A newly developed drug is showing promise in the laboratory for the treatment of multiple myeloma, researchers have reported.
Scientists at the Medical University of South Carolina, USA, screened 20,000 compounds to identify treatments which could re-sensitise multiple myeloma cells to proteasome inhibitors such as bortezomib.
Dr Nathan Dolloff and colleagues explain that new therapies are urgently needed for refractory patients and those who develop resistance to the standard-of-care drugs.
The team identified one, E61, which was particularly able to reverse resistance to proteasome inhibitors. Investigating E61 further, they found that the primary molecular targets of this compound are members of the protein disulfide isomerase family.
Treatment with E61 on its own and in combination with bortezomib increased cell death in multiple myeloma cells in the lab, and also improved survival in mouse models.
In an article published last week in the journal Leukemia, the researchers state that E61 "enhanced the activity of bortezomib without any adverse effects". Further work to improve E61 led to the development of E64FC26, a new lead compound which was shown to be even more effective than E61.
They write: "This work demonstrates the potential of E64FC26 as an early drug candidate and the strategy of targeting multiple protein disulfide isomerase isoforms for the treatment of refractory multiple myeloma and beyond."
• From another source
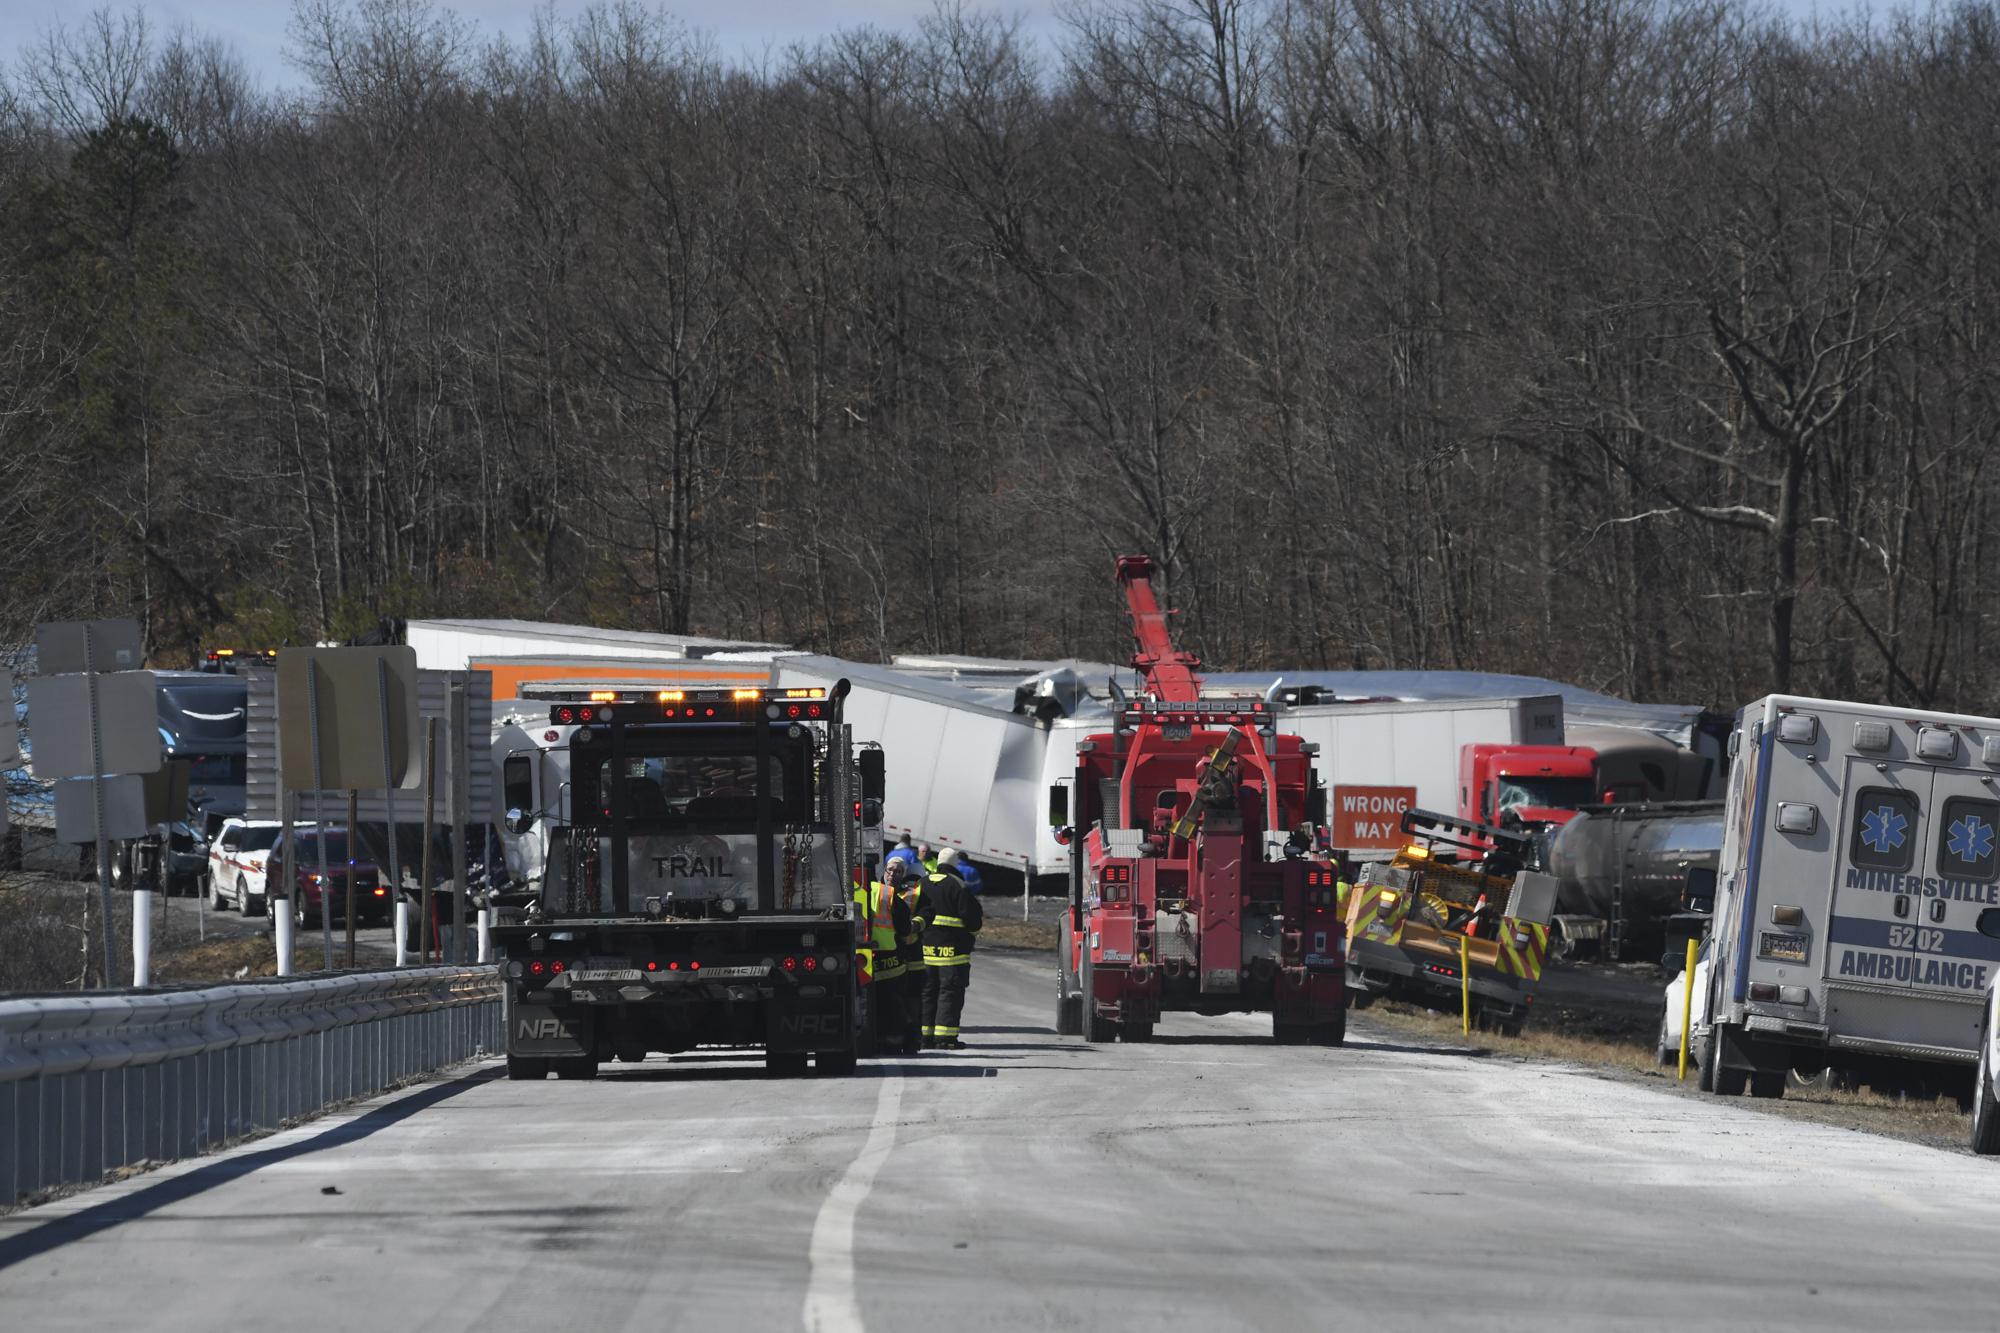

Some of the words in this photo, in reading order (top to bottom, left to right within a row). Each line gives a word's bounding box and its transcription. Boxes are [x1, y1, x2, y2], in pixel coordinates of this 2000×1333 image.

Dr Dolloff concludes: "Protein disulfide isomerase is an attractive target in oncology, but good protein disulfide isomerase inhibitors have been hard to find. The compounds we discovered have a lot of advantages, including high potency and good drug-like properties.
"We hope that those strengths translate into an effective new drug that can ultimately help patients."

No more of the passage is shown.